The Notebooks of Schubert Ogden

Scanned PDF

It seems clear that the call to the general ministry of the church includes both a constant and a variable aspect -- or, as one may also say, both a general and a special aspect. Although no one called to the general ministry is thereby called to any particular special ministry, one so called is called to some special ministry. In this sense, one's general ministry includes a variable or special aspect.

Question: Could one say, mutatis mutandis, that the original call to be human includes a variable, or special, as well as a constant or general aspect, in that, in being called to be human, one is eo ipso called to be religious in some way, even if not in any particular way? Is one called, in other words, to some explicit re-presentation of the implicit call to be human that is presented in and with one's very existence as a human being?
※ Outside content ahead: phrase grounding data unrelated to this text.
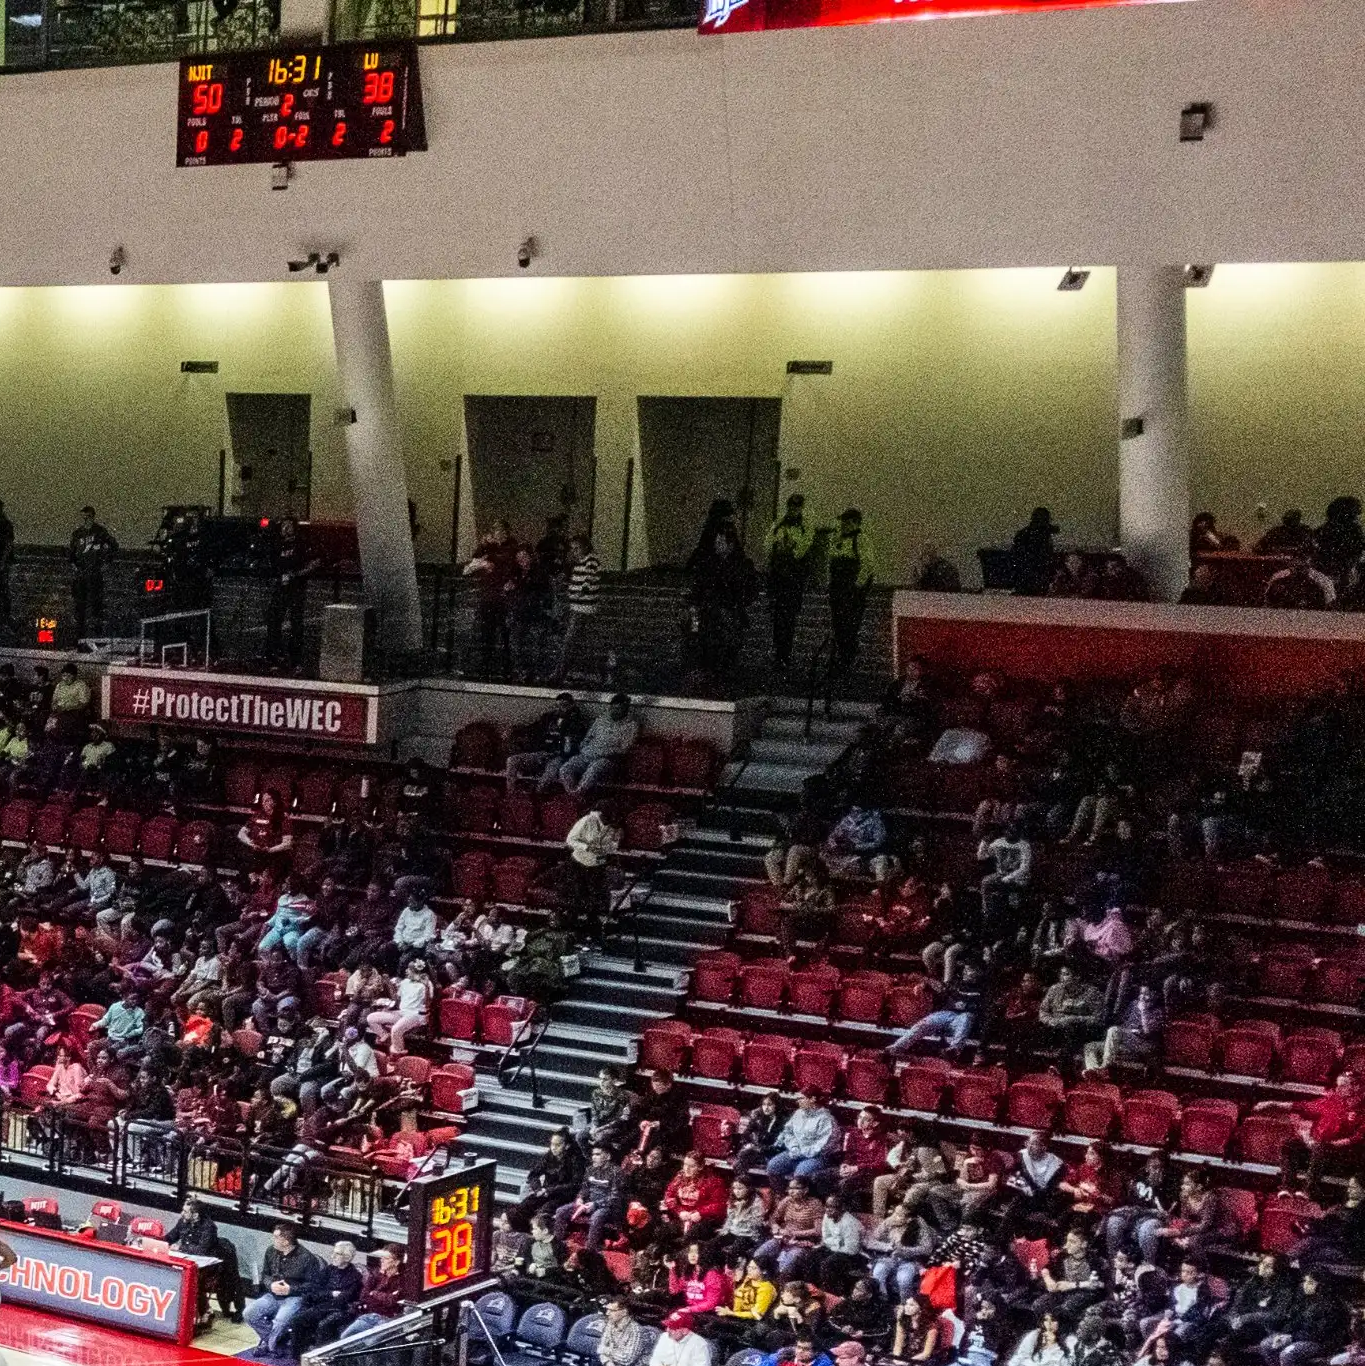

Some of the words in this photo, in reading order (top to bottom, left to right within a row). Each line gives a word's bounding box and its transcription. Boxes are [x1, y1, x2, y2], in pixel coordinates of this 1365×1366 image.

[187, 64, 214, 82] NJIT
[268, 54, 322, 84] 16:31
[363, 52, 379, 69] LU
[192, 82, 224, 115] 50
[362, 72, 394, 104] 38
[281, 94, 294, 117] 2
[195, 130, 208, 154] 0
[229, 128, 244, 152] 2
[332, 121, 347, 146] 2
[379, 119, 395, 144] 2
[131, 686, 343, 733] #ProtectTheWEC
[432, 1185, 481, 1226] 16:31
[429, 1222, 474, 1286] 28
If the answer to this question is affirmative, there is a parallel, moreover, between being human and being religious (in some way), on the one hand, and being Christian and being (some kind of) a Christian minister, on the other. Just as one can't live out the call to be Christian without exercising some call to special ministry, so one can't live out the call to be human without exercising some call to be religious. There would appear to be the further parallel, however, between being religious and being Christian, on the one hand, and exercising some kind of a special ministry and being a representative Christian minister, on the other. (F. D. Maurice may be thought to say exactly this when he holds that "the priest's ordination reveals the truth of every man's vocation: 'everyone of us is a servant or minister in this [Christ's] kingdom. Some of us have the name of Ministers. That is not that we may be separate from our fellows, but that we may give them a sign what Christ would have them be. All of us are ministers. Every father is a minister of Christ to his children. Every mother is a minister of Christ to her children. Every brother and sister is a minster of Christ to his brothers and sisters. Wherever we are going, whatever we are doing, in a house or in a field, we are ministers of Christ. That is our calling. We may be faithful or unfaithful ministers; but He is our Master, and He has sent us to wait upon some or other, upon more or fewer.' ... the office of the priest is a visible sign which proclaims how each man is to understand his own calling ..." [The Divine Order: 92-93].)